→ **EXERCISE DETAILS**
Leave no picture in, and give every entry again exactly.

━━━━━ MATERIAL SUPPLIED ━━━━━

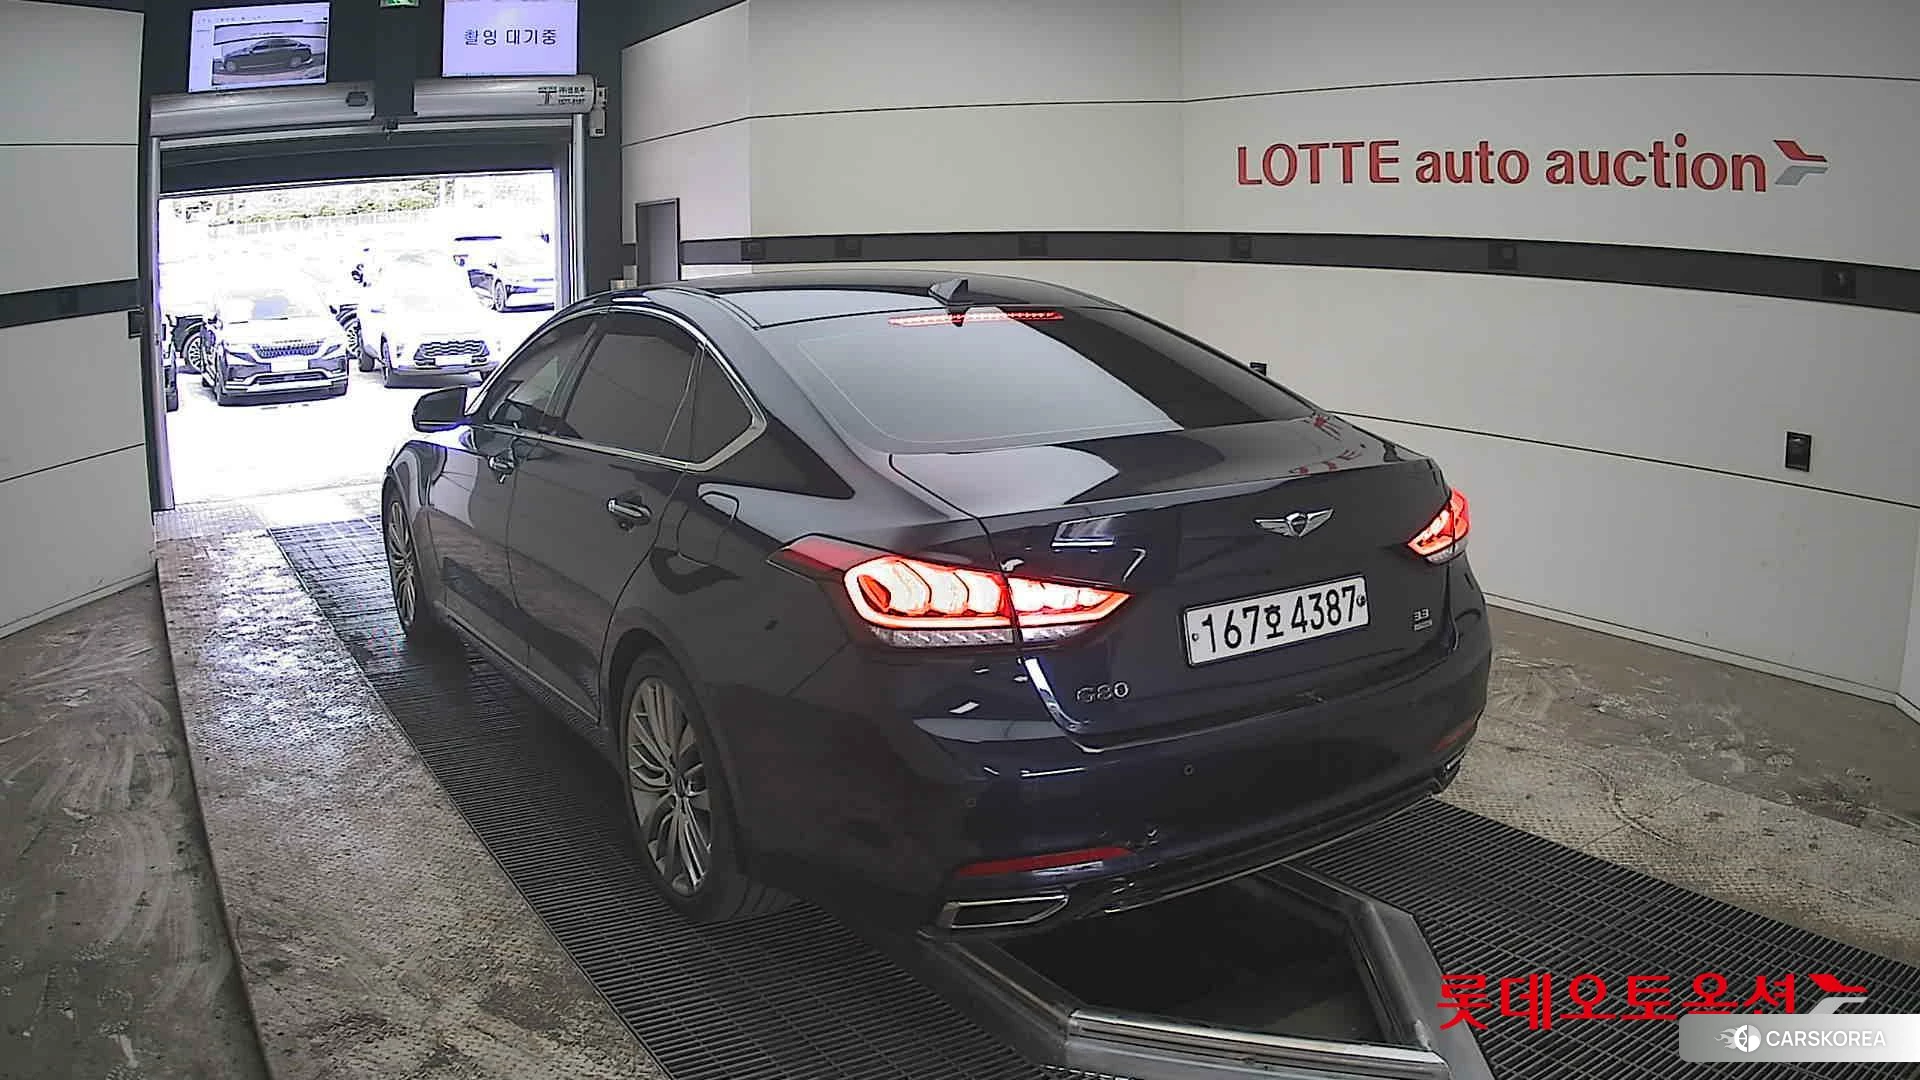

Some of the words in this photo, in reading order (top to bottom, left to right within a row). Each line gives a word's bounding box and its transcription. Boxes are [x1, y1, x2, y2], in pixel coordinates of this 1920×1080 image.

[506, 28, 556, 46] 대기중
[1237, 139, 1400, 185] LOTTE
[1415, 139, 1530, 185] auto
[1545, 132, 1767, 192] auction
[1201, 604, 1284, 653] 167호
[1291, 584, 1356, 633] 4387
[1076, 681, 1130, 703] G80

━━━━━

→ **RESULT FOR THIS EXERCISE**
Some of the words in this photo, in reading order (top to bottom, left to right within a row). Each line gives a word's bounding box and its transcription. Boxes are [x1, y1, x2, y2], in pixel coordinates of this 1920×1080 image.

[506, 28, 556, 46] 대기중
[1237, 139, 1400, 185] LOTTE
[1415, 139, 1530, 185] auto
[1545, 132, 1767, 192] auction
[1201, 604, 1284, 653] 167호
[1291, 584, 1356, 633] 4387
[1076, 681, 1130, 703] G80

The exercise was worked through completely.